**Aim of the exercise:** Your answer must be the full listing, reproduced word for word.

**Task input:**

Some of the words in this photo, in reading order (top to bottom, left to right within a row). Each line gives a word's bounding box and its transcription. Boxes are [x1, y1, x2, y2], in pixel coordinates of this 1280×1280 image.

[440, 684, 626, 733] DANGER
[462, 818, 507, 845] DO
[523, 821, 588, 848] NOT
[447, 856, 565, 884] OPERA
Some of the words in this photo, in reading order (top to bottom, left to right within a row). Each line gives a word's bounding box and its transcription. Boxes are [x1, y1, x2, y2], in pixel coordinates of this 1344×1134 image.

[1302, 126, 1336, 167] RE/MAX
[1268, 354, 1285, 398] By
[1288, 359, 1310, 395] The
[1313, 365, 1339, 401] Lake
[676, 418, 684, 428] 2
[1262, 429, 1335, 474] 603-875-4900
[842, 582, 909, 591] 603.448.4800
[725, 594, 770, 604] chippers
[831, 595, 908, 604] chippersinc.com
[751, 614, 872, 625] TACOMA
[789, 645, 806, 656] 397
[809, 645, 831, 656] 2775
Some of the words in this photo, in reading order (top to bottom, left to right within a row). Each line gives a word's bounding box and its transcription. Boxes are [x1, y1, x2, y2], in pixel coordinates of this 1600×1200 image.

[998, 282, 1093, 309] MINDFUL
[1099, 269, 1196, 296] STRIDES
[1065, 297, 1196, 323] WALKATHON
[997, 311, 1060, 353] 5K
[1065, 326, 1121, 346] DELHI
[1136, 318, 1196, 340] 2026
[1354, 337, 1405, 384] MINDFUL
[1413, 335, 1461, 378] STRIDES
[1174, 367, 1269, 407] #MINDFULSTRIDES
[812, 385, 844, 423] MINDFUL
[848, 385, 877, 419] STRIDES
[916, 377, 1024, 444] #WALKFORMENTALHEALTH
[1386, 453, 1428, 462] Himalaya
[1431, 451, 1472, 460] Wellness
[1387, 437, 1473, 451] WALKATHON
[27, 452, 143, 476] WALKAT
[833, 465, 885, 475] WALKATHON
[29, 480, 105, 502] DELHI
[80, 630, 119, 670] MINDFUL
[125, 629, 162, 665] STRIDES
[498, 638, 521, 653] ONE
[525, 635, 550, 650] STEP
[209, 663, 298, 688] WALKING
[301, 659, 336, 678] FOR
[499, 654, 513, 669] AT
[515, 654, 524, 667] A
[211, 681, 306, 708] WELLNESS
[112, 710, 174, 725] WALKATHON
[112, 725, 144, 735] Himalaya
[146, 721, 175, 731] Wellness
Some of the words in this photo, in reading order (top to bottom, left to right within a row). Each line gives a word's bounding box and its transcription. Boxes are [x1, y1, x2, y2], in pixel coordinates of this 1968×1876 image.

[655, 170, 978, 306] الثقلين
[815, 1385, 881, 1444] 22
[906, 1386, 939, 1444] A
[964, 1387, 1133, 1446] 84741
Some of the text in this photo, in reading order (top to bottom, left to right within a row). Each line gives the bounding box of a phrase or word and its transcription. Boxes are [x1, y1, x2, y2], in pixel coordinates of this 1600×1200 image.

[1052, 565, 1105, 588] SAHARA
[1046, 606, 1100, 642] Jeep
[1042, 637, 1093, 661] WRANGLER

**Answer to this task:**
Some of the words in this photo, in reading order (top to bottom, left to right within a row). Each line gives a word's bounding box and its transcription. Boxes are [x1, y1, x2, y2], in pixel coordinates of this 1280×1280 image.

[440, 684, 626, 733] DANGER
[462, 818, 507, 845] DO
[523, 821, 588, 848] NOT
[447, 856, 565, 884] OPERA
Some of the words in this photo, in reading order (top to bottom, left to right within a row). Each line gives a word's bounding box and its transcription. Boxes are [x1, y1, x2, y2], in pixel coordinates of this 1344×1134 image.

[1302, 126, 1336, 167] RE/MAX
[1268, 354, 1285, 398] By
[1288, 359, 1310, 395] The
[1313, 365, 1339, 401] Lake
[676, 418, 684, 428] 2
[1262, 429, 1335, 474] 603-875-4900
[842, 582, 909, 591] 603.448.4800
[725, 594, 770, 604] chippers
[831, 595, 908, 604] chippersinc.com
[751, 614, 872, 625] TACOMA
[789, 645, 806, 656] 397
[809, 645, 831, 656] 2775
Some of the words in this photo, in reading order (top to bottom, left to right within a row). Each line gives a word's bounding box and its transcription. Boxes are [x1, y1, x2, y2], in pixel coordinates of this 1600×1200 image.

[998, 282, 1093, 309] MINDFUL
[1099, 269, 1196, 296] STRIDES
[1065, 297, 1196, 323] WALKATHON
[997, 311, 1060, 353] 5K
[1065, 326, 1121, 346] DELHI
[1136, 318, 1196, 340] 2026
[1354, 337, 1405, 384] MINDFUL
[1413, 335, 1461, 378] STRIDES
[1174, 367, 1269, 407] #MINDFULSTRIDES
[812, 385, 844, 423] MINDFUL
[848, 385, 877, 419] STRIDES
[916, 377, 1024, 444] #WALKFORMENTALHEALTH
[1386, 453, 1428, 462] Himalaya
[1431, 451, 1472, 460] Wellness
[1387, 437, 1473, 451] WALKATHON
[27, 452, 143, 476] WALKAT
[833, 465, 885, 475] WALKATHON
[29, 480, 105, 502] DELHI
[80, 630, 119, 670] MINDFUL
[125, 629, 162, 665] STRIDES
[498, 638, 521, 653] ONE
[525, 635, 550, 650] STEP
[209, 663, 298, 688] WALKING
[301, 659, 336, 678] FOR
[499, 654, 513, 669] AT
[515, 654, 524, 667] A
[211, 681, 306, 708] WELLNESS
[112, 710, 174, 725] WALKATHON
[112, 725, 144, 735] Himalaya
[146, 721, 175, 731] Wellness
Some of the words in this photo, in reading order (top to bottom, left to right within a row). Each line gives a word's bounding box and its transcription. Boxes are [x1, y1, x2, y2], in pixel coordinates of this 1968×1876 image.

[655, 170, 978, 306] الثقلين
[815, 1385, 881, 1444] 22
[906, 1386, 939, 1444] A
[964, 1387, 1133, 1446] 84741
Some of the text in this photo, in reading order (top to bottom, left to right within a row). Each line gives the bounding box of a phrase or word and its transcription. Boxes are [x1, y1, x2, y2], in pixel coordinates of this 1600×1200 image.

[1052, 565, 1105, 588] SAHARA
[1046, 606, 1100, 642] Jeep
[1042, 637, 1093, 661] WRANGLER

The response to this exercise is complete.